Article Title: OCZ Vertex 4 Indilinx 256GB & 512GB SSD Reviews
Article URL: http://www.legitreviews.com/article/1888/1/

Re: OCZ Vertex 4 Indilinx 256GB & 512GB SSD Reviews

Posted: Wed Apr 04, 2012 10:16 am
by Major_A
Help me understand something please. When you fire up CrystalDiskMark it defauts to incompressible data sets. I noticed you are running the 0 Fill option for compressible data. I know that incompressible data is stuff like movies and music. Whereas compressible data is like applications and such. So in layman's terms compressible data would be more like a Windows drive usage and incompressible data would be more like a storage drive usage?

Re: OCZ Vertex 4 Indilinx 256GB & 512GB SSD Reviews

Posted: Wed Apr 04, 2012 12:11 pm
by FZ1
Major_A wrote:So in layman's terms compressible data would be more like a Windows drive usage and incompressible data would be more like a storage drive usage?
Well, it's not quite that black and white. In reality, just about all files will have some level of compressibility unless you are looking at already highly compressed files like ZIP, etc. Really, the SF drives only benefit in the writes department in terms of compression so their performance isn't linear in writes. Either way, users typically wouldn't "feel" a difference unless they were writing massive amounts of data at once and even then without a direct simultaneous comparison it's not perceptible. This type of operation is typically sequential vs random which is faster anyway. We move 5GB of data in tests and it's literally a few seconds difference in time.
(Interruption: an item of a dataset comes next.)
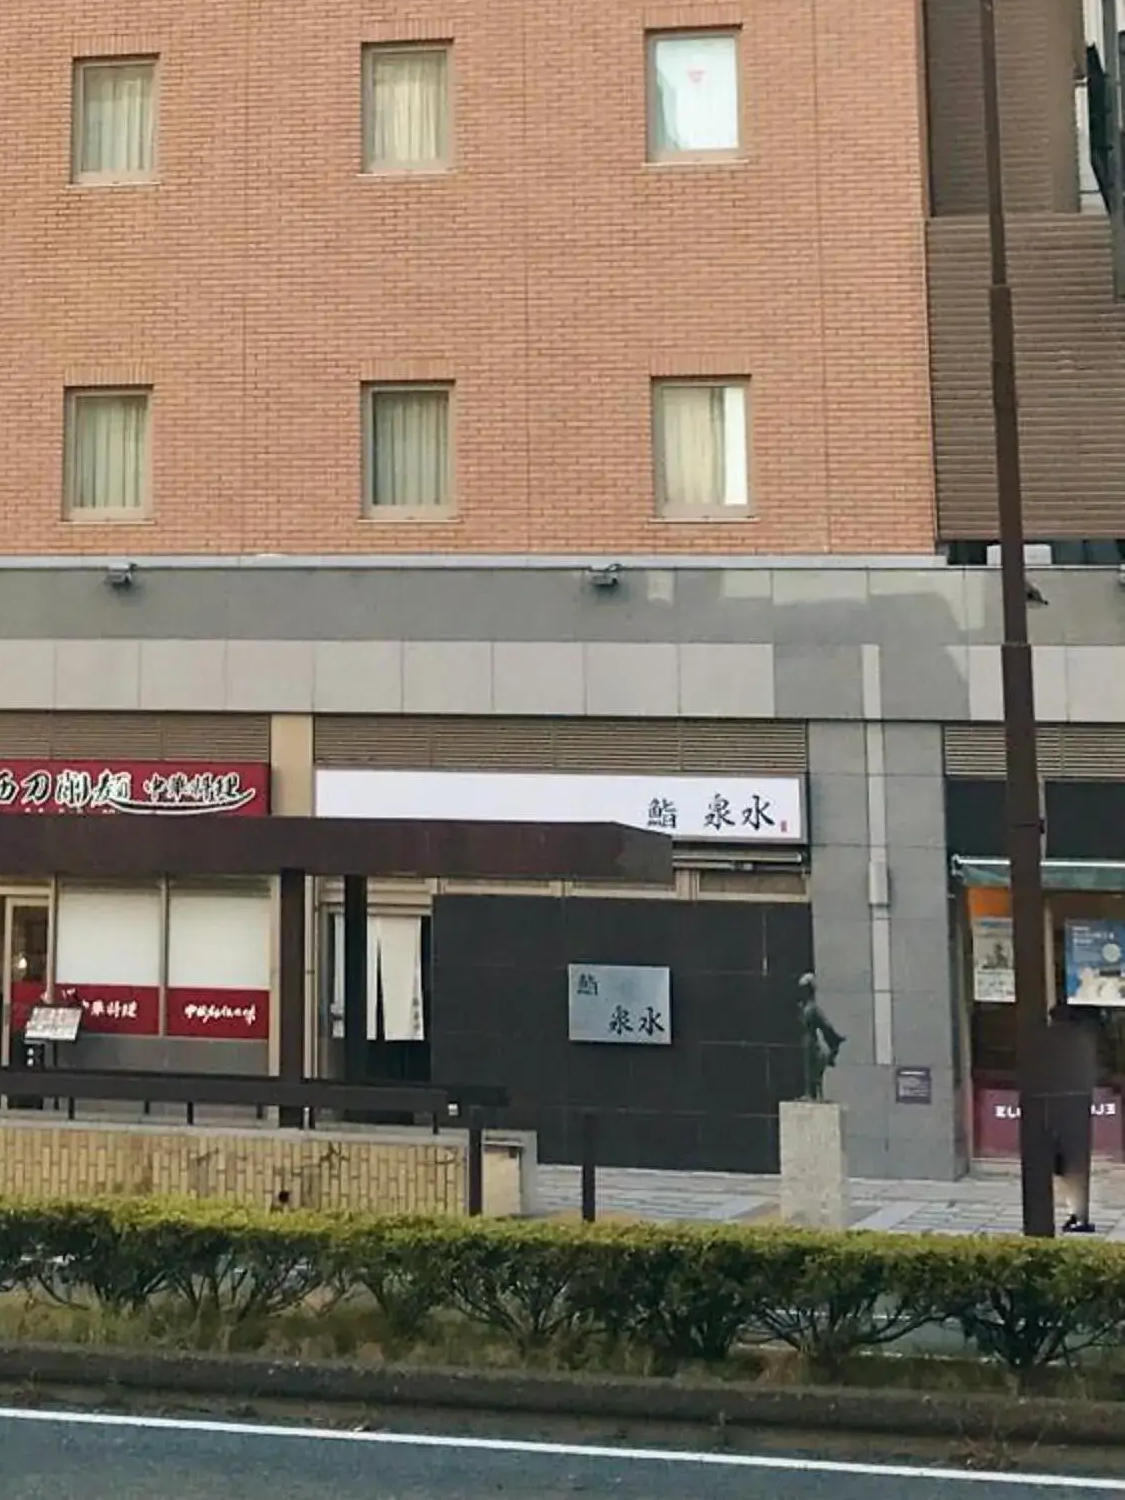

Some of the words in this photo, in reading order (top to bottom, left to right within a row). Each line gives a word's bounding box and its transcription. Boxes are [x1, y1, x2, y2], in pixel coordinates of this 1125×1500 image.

[647, 798, 678, 829] 鮨
[703, 793, 776, 831] 泉水
[608, 1004, 666, 1037] 泉水
Re: OCZ Vertex 4 Indilinx 256GB & 512GB SSD Reviews

Posted: Wed Apr 04, 2012 2:12 pm
by gwolfman
The write speeds are amazing. It's my understanding that OCZ will address the slow read speeds in the next firmware release, which should put this SSH on top of the charts. :) Can't wait to see if they will deliver. Will/can you post a quick update when/if OCZ releases a firmware to address these concerns?

Re: OCZ Vertex 4 Indilinx 256GB & 512GB SSD Reviews

Posted: Wed Apr 04, 2012 5:40 pm
by FZ1
Sure.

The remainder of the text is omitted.